The problem: When you reach the line that contains "this 2048×1365 image.", set down that line and every one after it through the end of the records, exactly as written and with no pictures.

**** Listed records

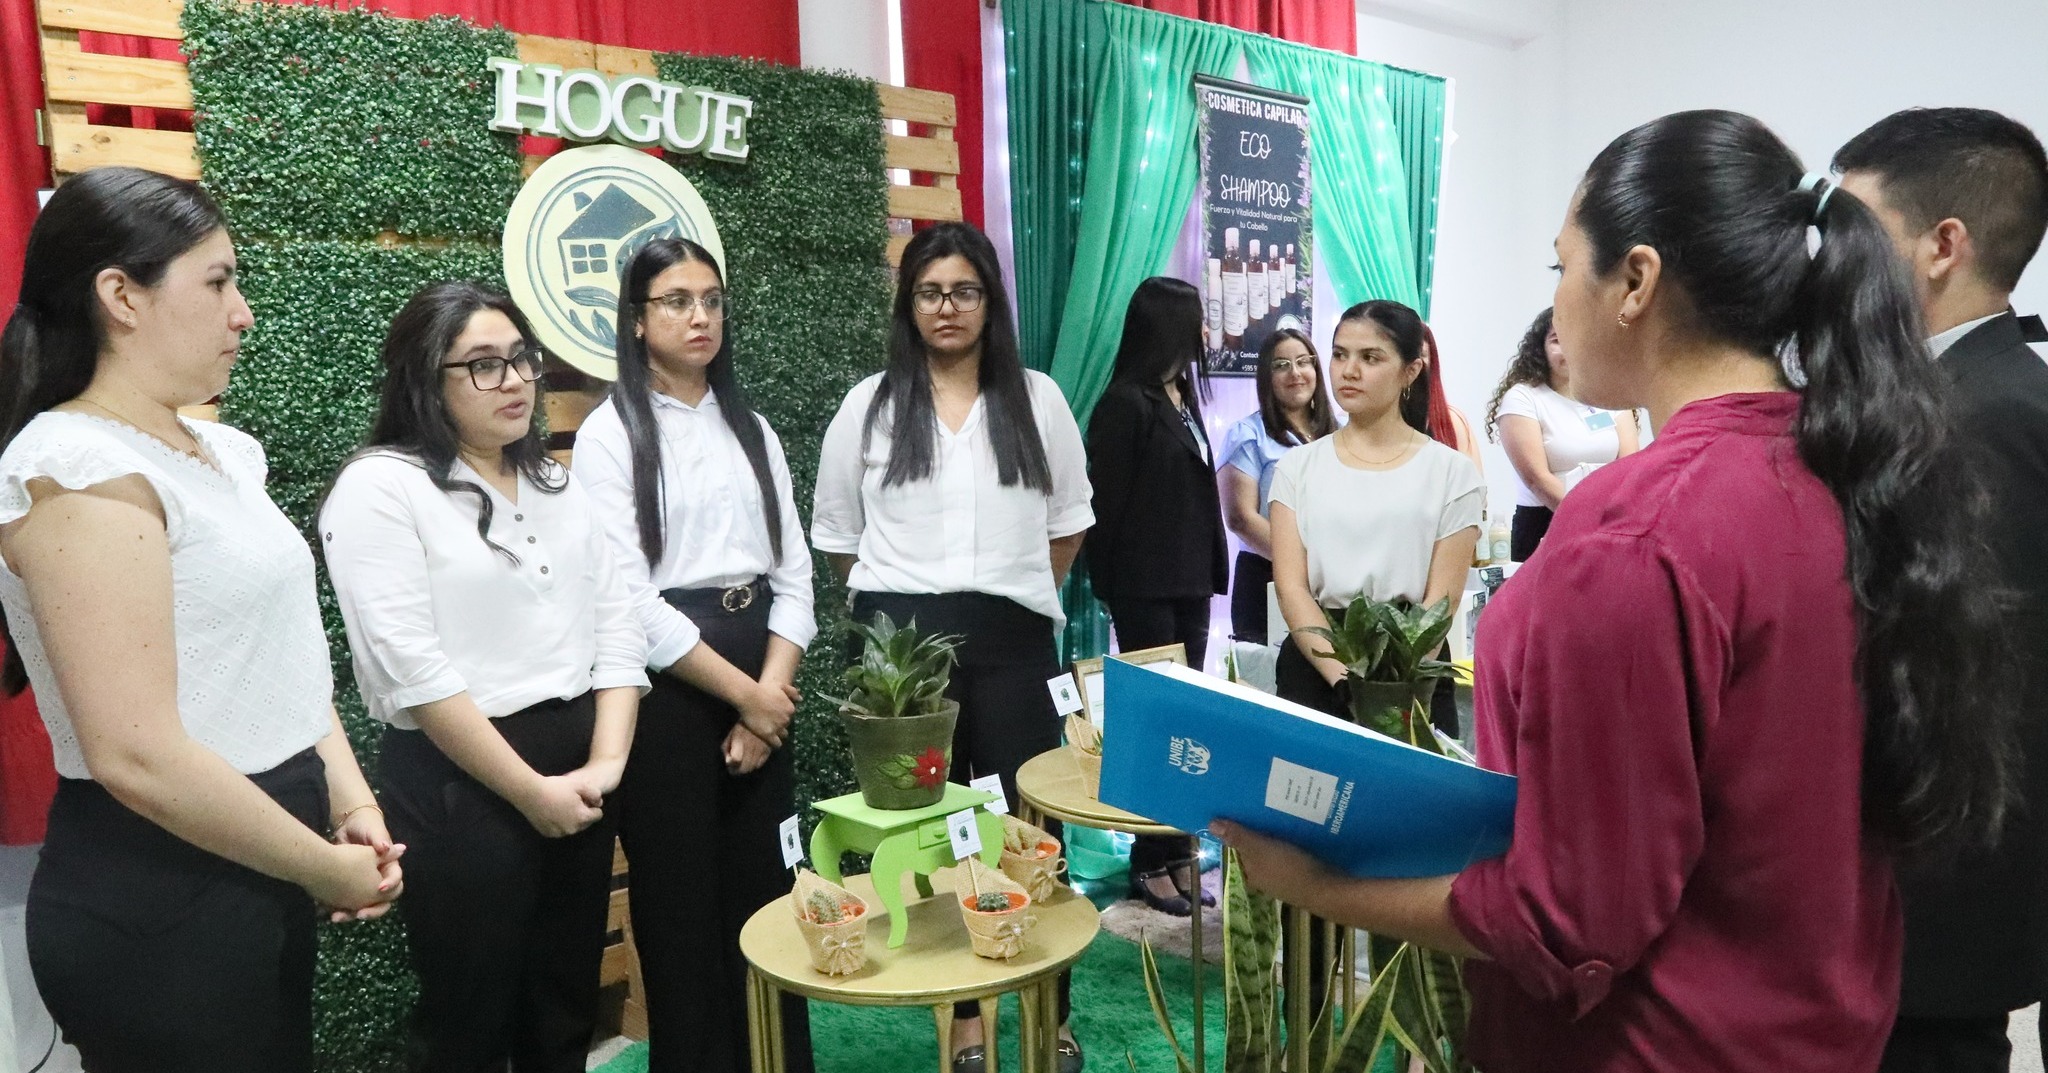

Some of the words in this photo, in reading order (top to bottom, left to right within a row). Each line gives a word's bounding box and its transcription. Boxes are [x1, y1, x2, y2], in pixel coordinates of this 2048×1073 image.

[490, 60, 753, 159] HOGUE
[1208, 92, 1262, 118] COSMETICA
[1264, 103, 1304, 127] CAPILAR
[1240, 130, 1272, 159] ECO
[1220, 174, 1291, 208] SHAMPOO
[1209, 203, 1231, 214] Fuerza
[1236, 207, 1260, 218] Vitalidad
[1261, 211, 1283, 221] Natural
[1283, 214, 1298, 223] para
[1240, 221, 1246, 229] tu
[1246, 221, 1269, 232] Cabello
[1168, 735, 1185, 767] UNIBE
[1330, 781, 1355, 835] IBEROAMERICANA
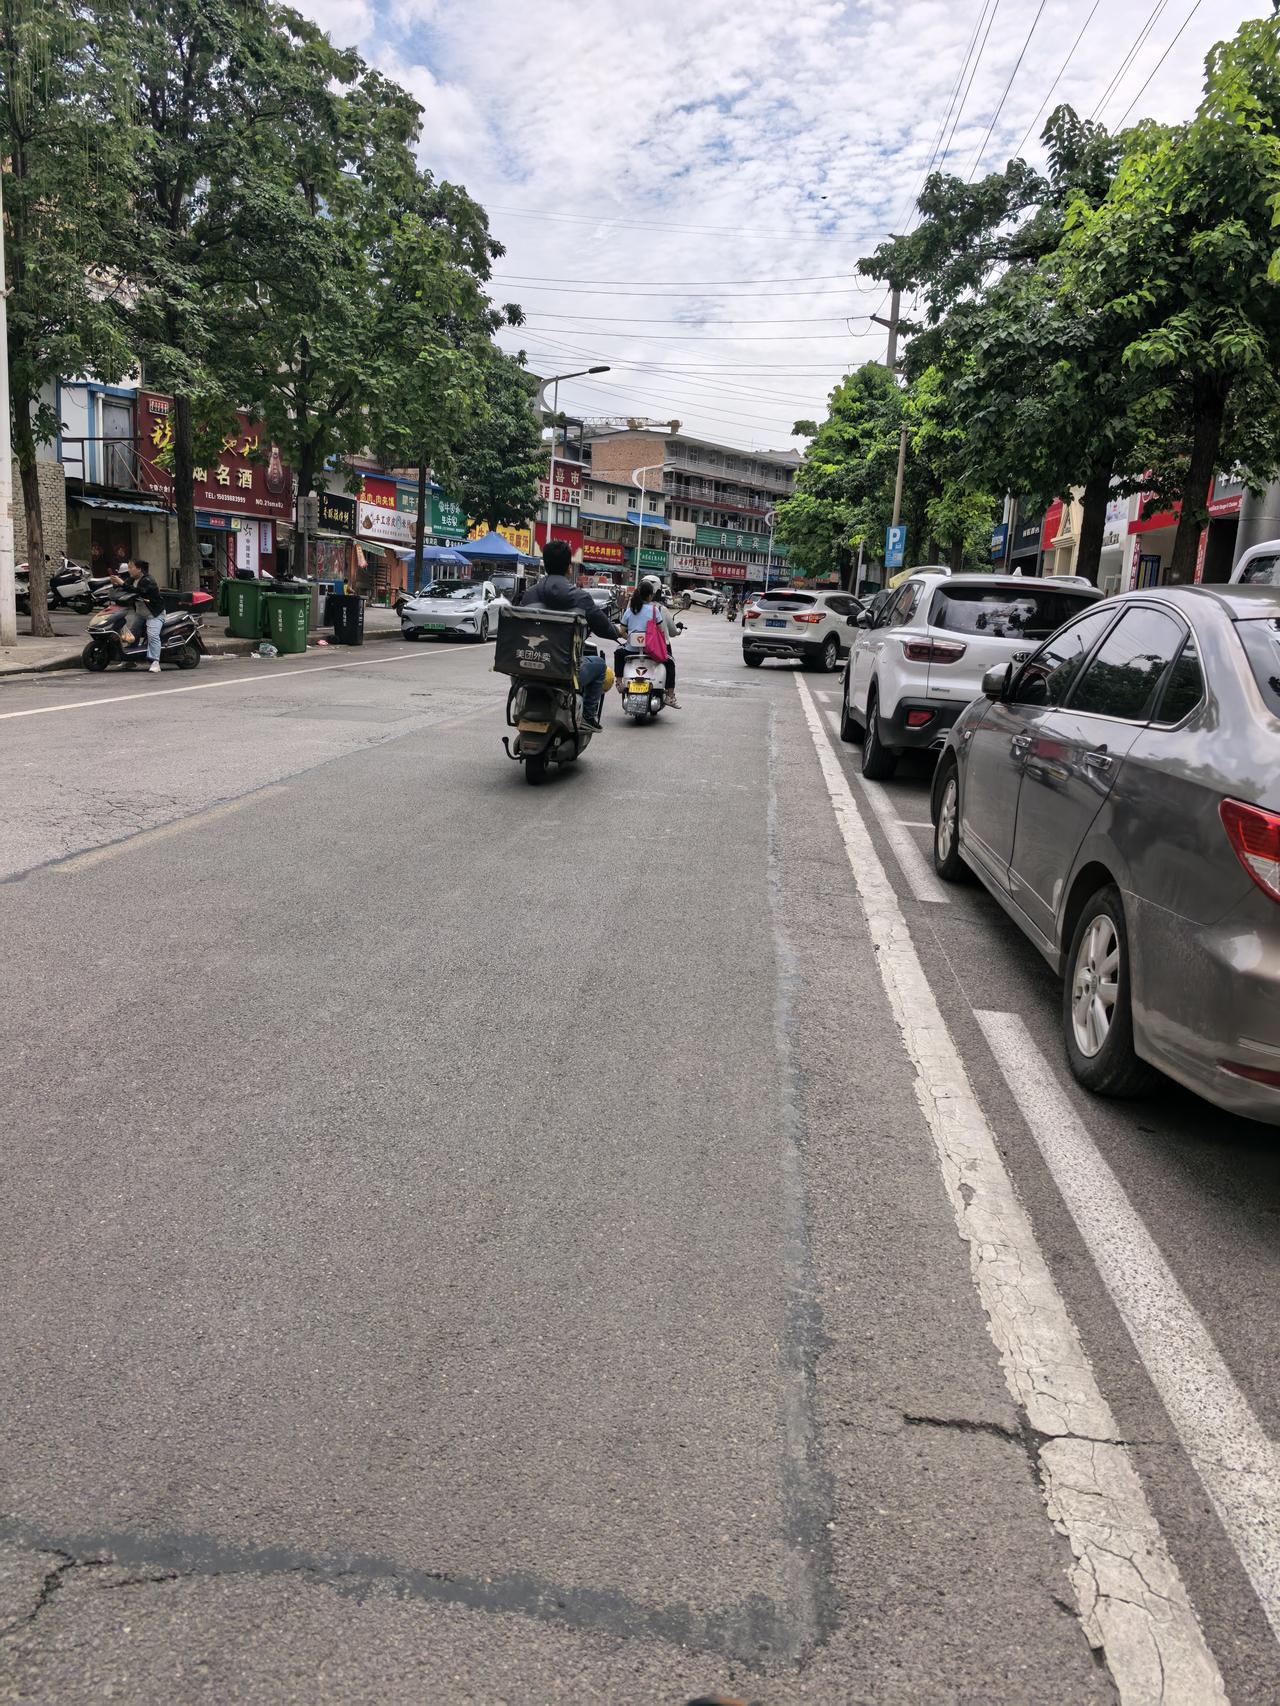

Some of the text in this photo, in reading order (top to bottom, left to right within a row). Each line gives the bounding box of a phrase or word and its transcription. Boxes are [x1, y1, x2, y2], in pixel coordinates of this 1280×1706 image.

[889, 528, 900, 550] P
[516, 649, 551, 662] 美团外卖
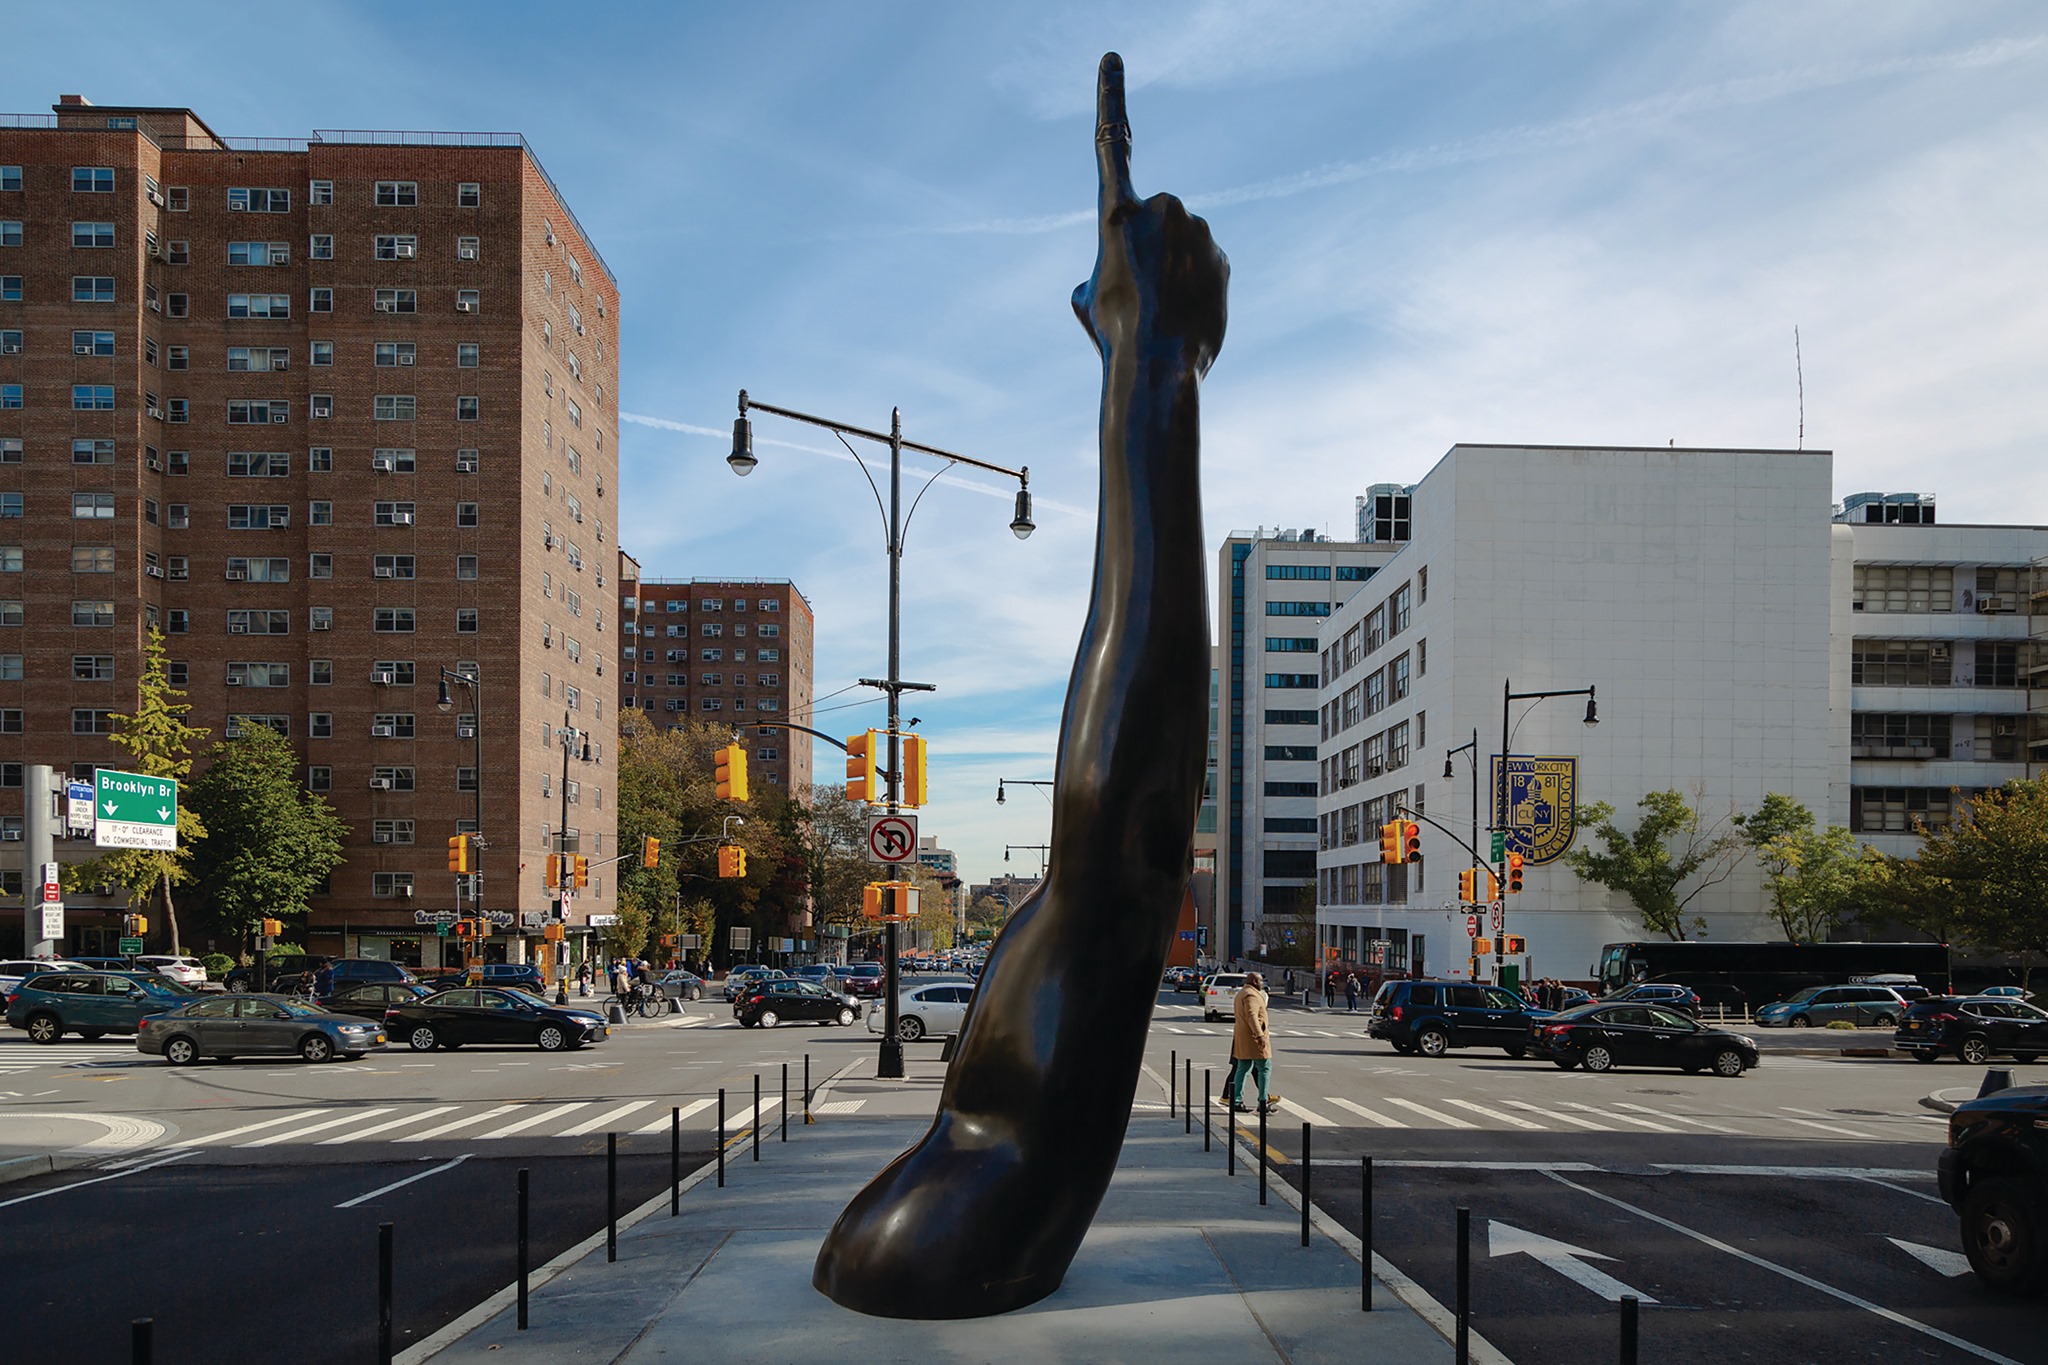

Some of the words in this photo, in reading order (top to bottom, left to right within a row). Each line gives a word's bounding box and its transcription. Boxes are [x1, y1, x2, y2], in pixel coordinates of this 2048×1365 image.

[1525, 762, 1550, 771] YORK
[1550, 763, 1570, 772] CITY
[102, 776, 154, 797] Brooklyn
[159, 784, 171, 797] Br
[1513, 775, 1525, 787] 18
[1544, 776, 1556, 788] 81
[1512, 843, 1533, 858] OF
[1536, 773, 1571, 858] TECHNOLOGY
[1518, 809, 1550, 819] CUNY
[132, 826, 163, 836] CLEARANCE
[102, 835, 110, 844] NO
[113, 835, 148, 846] COMMERCIAL
[151, 838, 172, 847] TRAFFIC
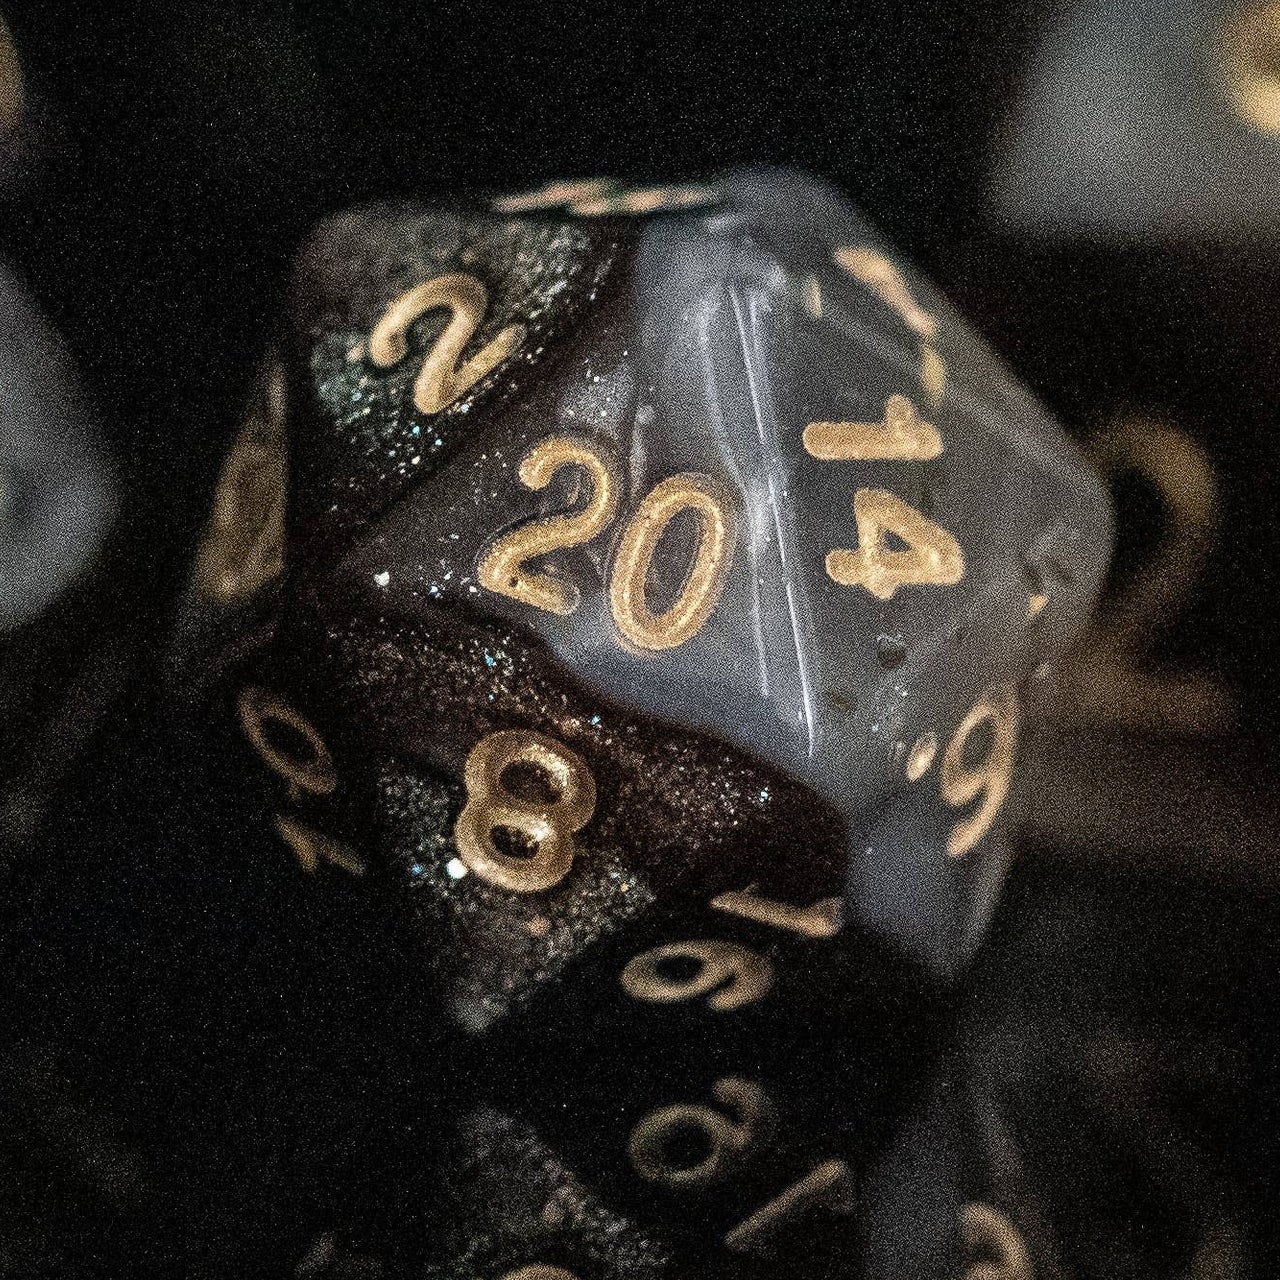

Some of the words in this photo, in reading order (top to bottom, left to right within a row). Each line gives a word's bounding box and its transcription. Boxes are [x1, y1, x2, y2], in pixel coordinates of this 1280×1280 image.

********

Reply to the task:
Some of the words in this photo, in reading order (top to bottom, left to right within a row). Each line gives a word's bounding box and its transcription. Boxes are [x1, y1, x2, y2], in pixel coordinates of this 2048×1365 image.

[1525, 762, 1550, 771] YORK
[1550, 763, 1570, 772] CITY
[102, 776, 154, 797] Brooklyn
[159, 784, 171, 797] Br
[1513, 775, 1525, 787] 18
[1544, 776, 1556, 788] 81
[1512, 843, 1533, 858] OF
[1536, 773, 1571, 858] TECHNOLOGY
[1518, 809, 1550, 819] CUNY
[132, 826, 163, 836] CLEARANCE
[102, 835, 110, 844] NO
[113, 835, 148, 846] COMMERCIAL
[151, 838, 172, 847] TRAFFIC

Some of the words in this photo, in reading order (top to bottom, left to right within a row). Each line gives a word's bounding box and its transcription. Boxes are [x1, y1, x2, y2], in pixel coordinates of this 1280×1280 image.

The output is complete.